Collected data
↓↓↓
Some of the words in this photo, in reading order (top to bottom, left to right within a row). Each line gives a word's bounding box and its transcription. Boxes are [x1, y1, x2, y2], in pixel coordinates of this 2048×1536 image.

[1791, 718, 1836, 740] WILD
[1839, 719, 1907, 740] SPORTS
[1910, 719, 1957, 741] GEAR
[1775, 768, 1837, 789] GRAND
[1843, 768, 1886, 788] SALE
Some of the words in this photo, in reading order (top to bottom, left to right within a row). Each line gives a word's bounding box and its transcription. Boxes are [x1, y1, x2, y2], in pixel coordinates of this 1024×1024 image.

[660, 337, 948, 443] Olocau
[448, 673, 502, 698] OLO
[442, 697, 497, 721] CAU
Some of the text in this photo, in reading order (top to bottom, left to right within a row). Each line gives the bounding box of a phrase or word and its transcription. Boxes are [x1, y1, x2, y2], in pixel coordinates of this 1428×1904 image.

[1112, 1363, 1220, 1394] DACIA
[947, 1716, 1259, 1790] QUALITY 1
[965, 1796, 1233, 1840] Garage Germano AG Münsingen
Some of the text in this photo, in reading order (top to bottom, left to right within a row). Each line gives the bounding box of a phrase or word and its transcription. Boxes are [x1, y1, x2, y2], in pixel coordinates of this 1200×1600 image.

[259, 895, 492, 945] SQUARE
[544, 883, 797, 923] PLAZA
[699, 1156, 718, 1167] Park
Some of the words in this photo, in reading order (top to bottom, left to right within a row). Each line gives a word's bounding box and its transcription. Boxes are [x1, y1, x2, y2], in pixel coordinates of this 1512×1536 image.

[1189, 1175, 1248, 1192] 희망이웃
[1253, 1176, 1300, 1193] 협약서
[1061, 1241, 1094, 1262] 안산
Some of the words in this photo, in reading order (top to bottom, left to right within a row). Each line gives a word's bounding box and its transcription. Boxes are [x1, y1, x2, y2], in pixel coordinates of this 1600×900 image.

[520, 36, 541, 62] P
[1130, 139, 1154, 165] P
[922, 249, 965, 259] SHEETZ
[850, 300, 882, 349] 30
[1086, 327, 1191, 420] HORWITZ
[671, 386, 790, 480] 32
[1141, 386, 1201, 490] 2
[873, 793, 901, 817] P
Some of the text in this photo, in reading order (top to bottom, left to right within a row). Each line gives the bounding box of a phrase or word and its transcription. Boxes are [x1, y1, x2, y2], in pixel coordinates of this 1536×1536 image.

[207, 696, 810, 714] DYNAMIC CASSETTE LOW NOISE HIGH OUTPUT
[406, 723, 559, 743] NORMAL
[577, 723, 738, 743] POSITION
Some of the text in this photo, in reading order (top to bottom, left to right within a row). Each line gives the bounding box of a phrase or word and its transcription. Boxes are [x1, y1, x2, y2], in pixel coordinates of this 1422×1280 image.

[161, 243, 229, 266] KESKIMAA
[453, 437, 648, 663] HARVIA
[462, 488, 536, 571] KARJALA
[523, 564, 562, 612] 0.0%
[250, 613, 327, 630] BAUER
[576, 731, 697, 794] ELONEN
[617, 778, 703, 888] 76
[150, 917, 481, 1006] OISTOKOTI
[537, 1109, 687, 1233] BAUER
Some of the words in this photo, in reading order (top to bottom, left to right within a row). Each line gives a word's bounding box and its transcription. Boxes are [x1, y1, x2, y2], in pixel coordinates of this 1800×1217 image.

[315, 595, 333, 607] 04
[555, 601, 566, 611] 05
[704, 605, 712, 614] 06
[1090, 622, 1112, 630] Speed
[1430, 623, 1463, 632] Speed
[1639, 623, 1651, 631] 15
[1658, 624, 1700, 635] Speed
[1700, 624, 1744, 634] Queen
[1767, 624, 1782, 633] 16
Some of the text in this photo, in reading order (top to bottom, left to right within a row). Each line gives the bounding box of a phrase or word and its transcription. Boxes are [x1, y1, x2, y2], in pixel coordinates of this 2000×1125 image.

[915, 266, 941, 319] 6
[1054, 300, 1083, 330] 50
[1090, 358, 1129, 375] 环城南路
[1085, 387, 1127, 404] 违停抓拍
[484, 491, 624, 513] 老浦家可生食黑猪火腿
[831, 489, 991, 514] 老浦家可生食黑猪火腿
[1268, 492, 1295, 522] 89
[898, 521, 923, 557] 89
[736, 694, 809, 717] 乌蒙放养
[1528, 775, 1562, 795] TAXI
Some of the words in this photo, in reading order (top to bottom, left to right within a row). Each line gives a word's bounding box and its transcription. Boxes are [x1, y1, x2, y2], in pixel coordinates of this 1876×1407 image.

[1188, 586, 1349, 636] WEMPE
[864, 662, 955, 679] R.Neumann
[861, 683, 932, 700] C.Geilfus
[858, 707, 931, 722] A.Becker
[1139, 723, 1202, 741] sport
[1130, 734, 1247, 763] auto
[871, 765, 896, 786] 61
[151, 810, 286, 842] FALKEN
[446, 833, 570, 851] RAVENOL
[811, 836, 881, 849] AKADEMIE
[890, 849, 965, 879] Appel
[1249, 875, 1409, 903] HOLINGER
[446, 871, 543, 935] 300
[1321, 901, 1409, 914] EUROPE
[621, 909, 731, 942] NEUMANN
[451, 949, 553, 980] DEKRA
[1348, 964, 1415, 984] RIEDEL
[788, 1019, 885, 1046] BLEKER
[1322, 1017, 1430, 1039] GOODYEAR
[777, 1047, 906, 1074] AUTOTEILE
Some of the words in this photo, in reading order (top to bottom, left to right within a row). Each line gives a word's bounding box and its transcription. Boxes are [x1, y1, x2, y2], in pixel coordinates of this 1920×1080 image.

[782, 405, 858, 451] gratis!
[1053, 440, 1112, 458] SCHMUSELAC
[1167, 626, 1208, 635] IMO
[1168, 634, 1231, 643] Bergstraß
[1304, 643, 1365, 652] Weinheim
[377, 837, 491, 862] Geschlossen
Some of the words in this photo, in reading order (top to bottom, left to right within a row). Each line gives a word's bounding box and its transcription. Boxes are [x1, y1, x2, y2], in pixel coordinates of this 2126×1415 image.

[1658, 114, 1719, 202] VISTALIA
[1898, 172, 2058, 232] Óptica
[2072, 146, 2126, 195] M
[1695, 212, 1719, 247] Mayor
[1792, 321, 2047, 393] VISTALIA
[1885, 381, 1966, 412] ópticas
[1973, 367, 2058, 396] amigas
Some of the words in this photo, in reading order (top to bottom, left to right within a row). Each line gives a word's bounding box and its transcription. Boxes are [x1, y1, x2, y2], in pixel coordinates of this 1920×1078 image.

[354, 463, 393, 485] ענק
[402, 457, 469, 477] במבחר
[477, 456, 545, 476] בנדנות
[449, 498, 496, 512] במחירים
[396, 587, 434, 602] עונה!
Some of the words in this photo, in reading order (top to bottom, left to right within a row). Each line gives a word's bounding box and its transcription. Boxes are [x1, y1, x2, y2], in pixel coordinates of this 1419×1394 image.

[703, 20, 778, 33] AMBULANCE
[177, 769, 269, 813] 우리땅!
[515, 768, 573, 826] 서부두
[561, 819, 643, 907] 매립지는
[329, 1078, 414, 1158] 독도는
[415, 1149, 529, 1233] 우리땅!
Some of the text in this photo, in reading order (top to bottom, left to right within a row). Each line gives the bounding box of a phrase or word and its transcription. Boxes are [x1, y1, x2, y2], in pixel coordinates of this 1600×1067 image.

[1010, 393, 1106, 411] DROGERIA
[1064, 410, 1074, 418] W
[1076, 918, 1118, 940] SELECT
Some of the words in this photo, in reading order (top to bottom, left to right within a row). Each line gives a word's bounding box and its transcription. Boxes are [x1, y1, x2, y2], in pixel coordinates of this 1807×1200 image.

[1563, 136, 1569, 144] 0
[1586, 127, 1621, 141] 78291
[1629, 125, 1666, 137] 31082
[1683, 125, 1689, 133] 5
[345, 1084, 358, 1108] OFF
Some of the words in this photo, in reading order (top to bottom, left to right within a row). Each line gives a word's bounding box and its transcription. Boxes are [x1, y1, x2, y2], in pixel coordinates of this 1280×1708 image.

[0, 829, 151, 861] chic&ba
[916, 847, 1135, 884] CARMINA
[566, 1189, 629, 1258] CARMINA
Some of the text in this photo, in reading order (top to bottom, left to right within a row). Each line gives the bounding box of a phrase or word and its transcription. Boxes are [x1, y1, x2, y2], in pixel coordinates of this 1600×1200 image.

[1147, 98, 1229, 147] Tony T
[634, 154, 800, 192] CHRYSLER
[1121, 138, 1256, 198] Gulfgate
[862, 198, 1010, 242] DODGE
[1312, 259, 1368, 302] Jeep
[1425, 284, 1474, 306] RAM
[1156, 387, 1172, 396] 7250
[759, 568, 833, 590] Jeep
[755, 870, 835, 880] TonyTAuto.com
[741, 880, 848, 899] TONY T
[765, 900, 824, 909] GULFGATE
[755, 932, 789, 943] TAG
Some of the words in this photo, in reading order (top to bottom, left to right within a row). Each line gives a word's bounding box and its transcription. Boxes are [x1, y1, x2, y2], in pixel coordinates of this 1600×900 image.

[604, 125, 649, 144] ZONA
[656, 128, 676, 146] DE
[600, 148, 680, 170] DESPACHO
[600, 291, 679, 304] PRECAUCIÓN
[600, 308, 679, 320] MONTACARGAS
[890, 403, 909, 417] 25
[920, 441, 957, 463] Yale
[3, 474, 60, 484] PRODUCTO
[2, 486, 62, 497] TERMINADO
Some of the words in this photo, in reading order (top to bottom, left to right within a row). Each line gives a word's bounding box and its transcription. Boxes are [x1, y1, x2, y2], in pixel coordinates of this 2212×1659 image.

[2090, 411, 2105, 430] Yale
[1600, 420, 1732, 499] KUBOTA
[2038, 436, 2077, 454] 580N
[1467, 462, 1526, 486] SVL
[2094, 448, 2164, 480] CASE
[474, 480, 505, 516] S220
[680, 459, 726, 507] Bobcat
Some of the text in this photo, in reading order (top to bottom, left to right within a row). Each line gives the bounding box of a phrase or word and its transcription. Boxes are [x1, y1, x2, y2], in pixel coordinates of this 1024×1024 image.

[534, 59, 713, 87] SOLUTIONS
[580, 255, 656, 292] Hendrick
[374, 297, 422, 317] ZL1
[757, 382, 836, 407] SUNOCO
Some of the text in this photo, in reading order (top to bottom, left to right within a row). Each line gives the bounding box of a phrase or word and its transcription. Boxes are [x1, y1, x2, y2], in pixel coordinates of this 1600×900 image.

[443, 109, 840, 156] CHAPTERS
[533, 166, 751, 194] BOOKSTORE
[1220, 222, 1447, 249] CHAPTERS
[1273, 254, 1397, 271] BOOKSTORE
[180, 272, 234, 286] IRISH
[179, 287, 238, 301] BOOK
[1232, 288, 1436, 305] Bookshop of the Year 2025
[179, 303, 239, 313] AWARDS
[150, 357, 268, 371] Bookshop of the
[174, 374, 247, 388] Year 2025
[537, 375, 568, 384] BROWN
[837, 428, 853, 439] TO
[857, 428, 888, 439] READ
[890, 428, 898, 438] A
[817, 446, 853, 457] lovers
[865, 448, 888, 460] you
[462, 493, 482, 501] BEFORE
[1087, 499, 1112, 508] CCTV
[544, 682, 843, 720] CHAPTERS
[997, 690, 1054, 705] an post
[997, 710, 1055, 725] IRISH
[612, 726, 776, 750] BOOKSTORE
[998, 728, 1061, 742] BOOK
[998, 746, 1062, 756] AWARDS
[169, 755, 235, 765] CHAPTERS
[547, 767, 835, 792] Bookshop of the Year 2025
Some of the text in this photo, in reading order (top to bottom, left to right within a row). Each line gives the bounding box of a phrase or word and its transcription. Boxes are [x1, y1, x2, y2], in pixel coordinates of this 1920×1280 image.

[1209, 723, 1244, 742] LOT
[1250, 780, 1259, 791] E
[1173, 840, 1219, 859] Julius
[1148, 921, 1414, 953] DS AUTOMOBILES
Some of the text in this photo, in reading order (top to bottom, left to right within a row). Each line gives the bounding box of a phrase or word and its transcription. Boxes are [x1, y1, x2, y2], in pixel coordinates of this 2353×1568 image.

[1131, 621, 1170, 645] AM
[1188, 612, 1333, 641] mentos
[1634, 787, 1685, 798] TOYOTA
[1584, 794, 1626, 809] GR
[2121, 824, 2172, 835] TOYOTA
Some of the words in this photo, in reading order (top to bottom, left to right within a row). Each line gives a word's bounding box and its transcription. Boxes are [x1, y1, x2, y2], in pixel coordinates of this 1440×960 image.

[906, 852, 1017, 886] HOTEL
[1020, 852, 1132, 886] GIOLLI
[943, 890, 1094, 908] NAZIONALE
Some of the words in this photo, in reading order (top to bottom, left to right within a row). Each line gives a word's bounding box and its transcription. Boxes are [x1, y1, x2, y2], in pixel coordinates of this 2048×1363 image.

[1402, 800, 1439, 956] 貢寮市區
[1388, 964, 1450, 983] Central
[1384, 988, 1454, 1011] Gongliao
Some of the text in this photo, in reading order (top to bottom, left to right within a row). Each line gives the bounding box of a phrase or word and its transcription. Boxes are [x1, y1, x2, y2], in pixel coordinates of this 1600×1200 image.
↑↑↑
### [PROBLEM STATEMENT]
The range begins at the line containing "this 1440×960 image." and ends at the last line of the entries; reproduce it exactly.

### [EXPECTED ANSWER]
Some of the words in this photo, in reading order (top to bottom, left to right within a row). Each line gives a word's bounding box and its transcription. Boxes are [x1, y1, x2, y2], in pixel coordinates of this 1440×960 image.

[906, 852, 1017, 886] HOTEL
[1020, 852, 1132, 886] GIOLLI
[943, 890, 1094, 908] NAZIONALE
Some of the words in this photo, in reading order (top to bottom, left to right within a row). Each line gives a word's bounding box and its transcription. Boxes are [x1, y1, x2, y2], in pixel coordinates of this 2048×1363 image.

[1402, 800, 1439, 956] 貢寮市區
[1388, 964, 1450, 983] Central
[1384, 988, 1454, 1011] Gongliao
Some of the text in this photo, in reading order (top to bottom, left to right within a row). Each line gives the bounding box of a phrase or word and its transcription. Boxes are [x1, y1, x2, y2], in pixel coordinates of this 1600×1200 image.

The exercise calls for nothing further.